Record excerpts »
..........
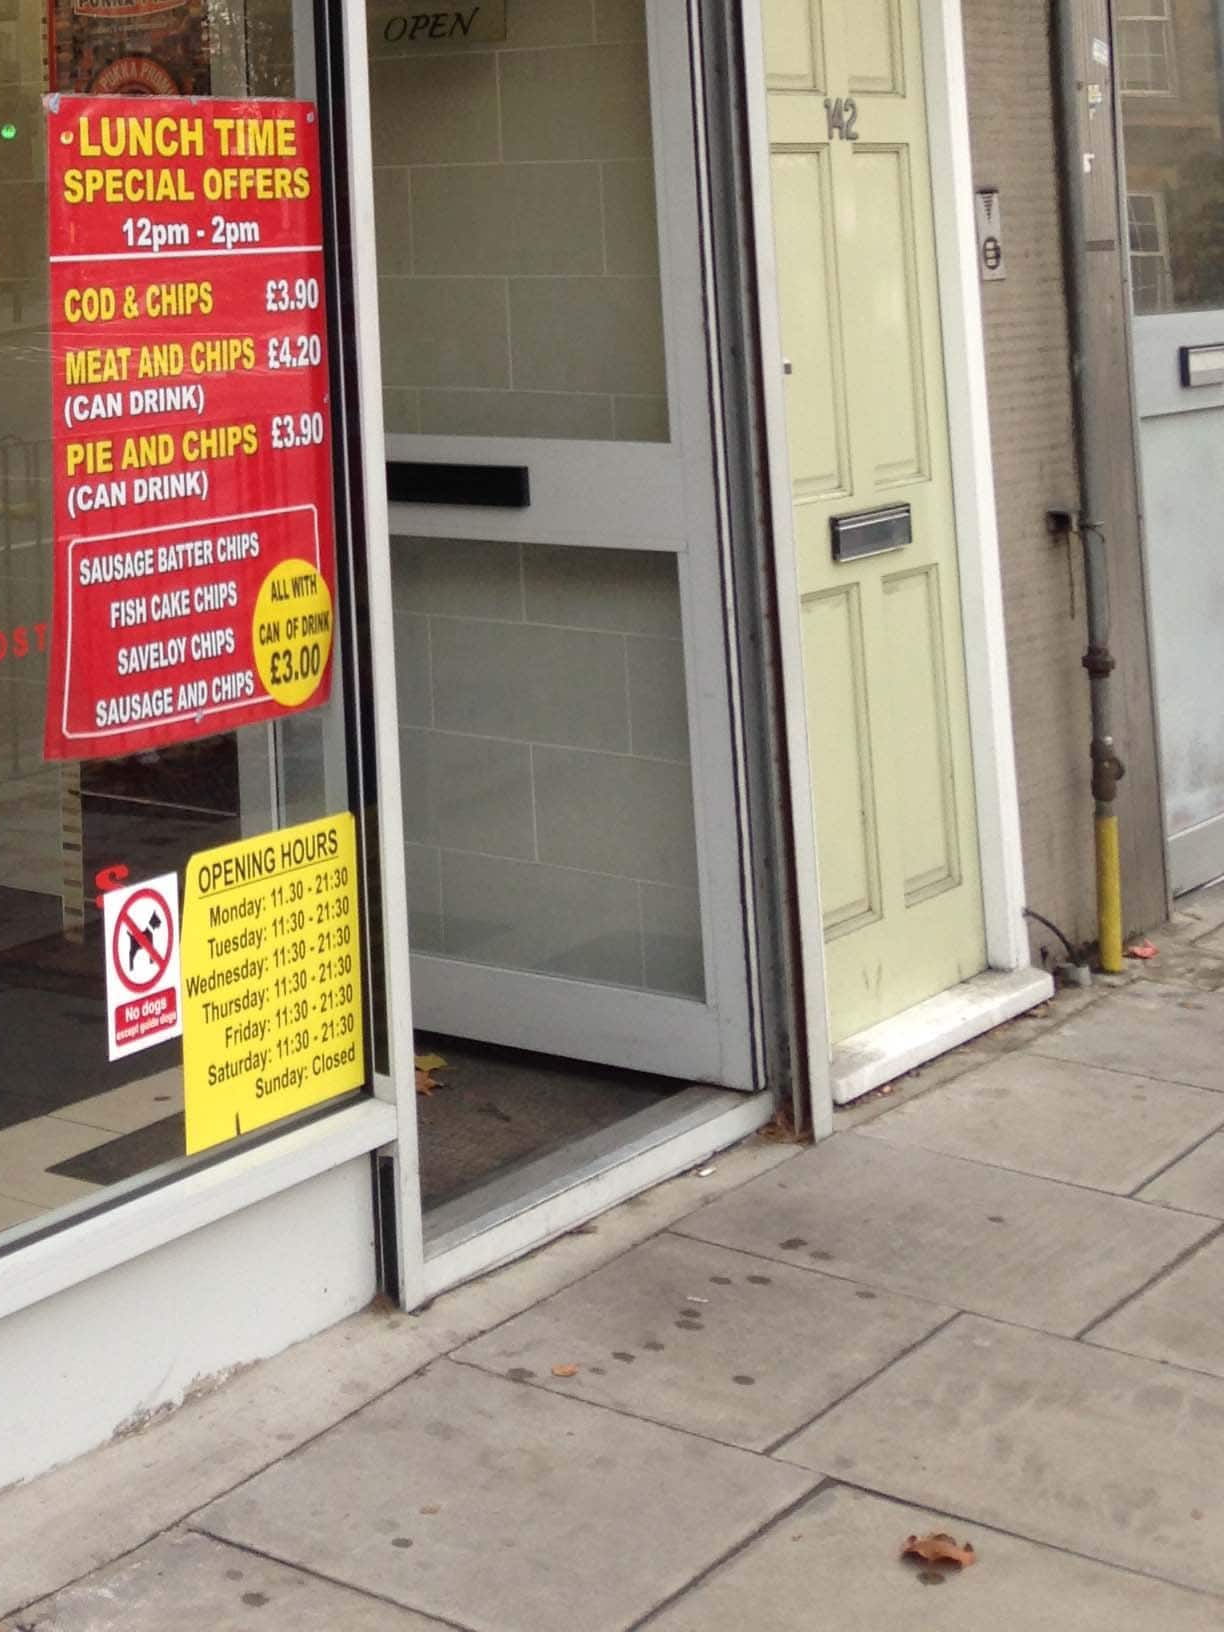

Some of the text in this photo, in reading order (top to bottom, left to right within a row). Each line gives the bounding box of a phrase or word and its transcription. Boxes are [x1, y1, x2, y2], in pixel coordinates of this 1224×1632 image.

[384, 7, 479, 42] OPEN
[79, 116, 297, 157] LUNCH TIME
[64, 168, 310, 203] SPECIAL OFFERS
[123, 217, 189, 252] 12pm
[211, 216, 259, 250] 2pm
[64, 282, 213, 322] COD & CHIPS
[265, 278, 319, 311] £3.90
[66, 337, 255, 385] MEAT AND CHIPS
[268, 335, 321, 368] £4.20
[64, 384, 204, 428] (CAN DRINK)
[67, 424, 258, 477] PIE AND CHIPS
[272, 412, 323, 449] £3.90
[68, 470, 208, 518] (CAN DRINK)
[80, 532, 260, 586] SAUSAGE BATTER CHIPS
[111, 581, 237, 629] FISH CAKE CHIPS
[271, 573, 317, 603] ALL WITH
[118, 628, 235, 676] SAVELOY CHIPS
[259, 610, 330, 646] CAN OF DRINK
[270, 643, 321, 686] £3.00
[96, 670, 254, 728] SAUSAGE AND CHIPS
[198, 829, 338, 894] OPENING HOURS
[209, 894, 266, 929] Monday:
[315, 866, 348, 894] 21:30
[208, 925, 267, 960] Tuesday:
[271, 909, 305, 936] 11:30
[316, 895, 350, 923] 21:30
[186, 958, 268, 999] Wednesday:
[273, 939, 306, 967] 11:30
[317, 925, 351, 953] 21:30
[125, 997, 167, 1023] No dogs
[202, 988, 269, 1025] Thursday:
[274, 969, 308, 997] 11:30
[319, 954, 352, 982] 21:30
[225, 1015, 271, 1049] Friday:
[275, 999, 309, 1027] 11:30
[320, 984, 353, 1012] 21:30
[207, 1048, 272, 1087] Saturday:
[276, 1029, 310, 1059] 11:30
[321, 1014, 354, 1043] 21:30
[255, 1042, 356, 1099] Sunday: Closed
..........
Work to be completed » Pictures stay out. Everything else in the listing gets printed exactly.

Response to this exercise »
Some of the text in this photo, in reading order (top to bottom, left to right within a row). Each line gives the bounding box of a phrase or word and its transcription. Boxes are [x1, y1, x2, y2], in pixel coordinates of this 1224×1632 image.

[384, 7, 479, 42] OPEN
[79, 116, 297, 157] LUNCH TIME
[64, 168, 310, 203] SPECIAL OFFERS
[123, 217, 189, 252] 12pm
[211, 216, 259, 250] 2pm
[64, 282, 213, 322] COD & CHIPS
[265, 278, 319, 311] £3.90
[66, 337, 255, 385] MEAT AND CHIPS
[268, 335, 321, 368] £4.20
[64, 384, 204, 428] (CAN DRINK)
[67, 424, 258, 477] PIE AND CHIPS
[272, 412, 323, 449] £3.90
[68, 470, 208, 518] (CAN DRINK)
[80, 532, 260, 586] SAUSAGE BATTER CHIPS
[111, 581, 237, 629] FISH CAKE CHIPS
[271, 573, 317, 603] ALL WITH
[118, 628, 235, 676] SAVELOY CHIPS
[259, 610, 330, 646] CAN OF DRINK
[270, 643, 321, 686] £3.00
[96, 670, 254, 728] SAUSAGE AND CHIPS
[198, 829, 338, 894] OPENING HOURS
[209, 894, 266, 929] Monday:
[315, 866, 348, 894] 21:30
[208, 925, 267, 960] Tuesday:
[271, 909, 305, 936] 11:30
[316, 895, 350, 923] 21:30
[186, 958, 268, 999] Wednesday:
[273, 939, 306, 967] 11:30
[317, 925, 351, 953] 21:30
[125, 997, 167, 1023] No dogs
[202, 988, 269, 1025] Thursday:
[274, 969, 308, 997] 11:30
[319, 954, 352, 982] 21:30
[225, 1015, 271, 1049] Friday:
[275, 999, 309, 1027] 11:30
[320, 984, 353, 1012] 21:30
[207, 1048, 272, 1087] Saturday:
[276, 1029, 310, 1059] 11:30
[321, 1014, 354, 1043] 21:30
[255, 1042, 356, 1099] Sunday: Closed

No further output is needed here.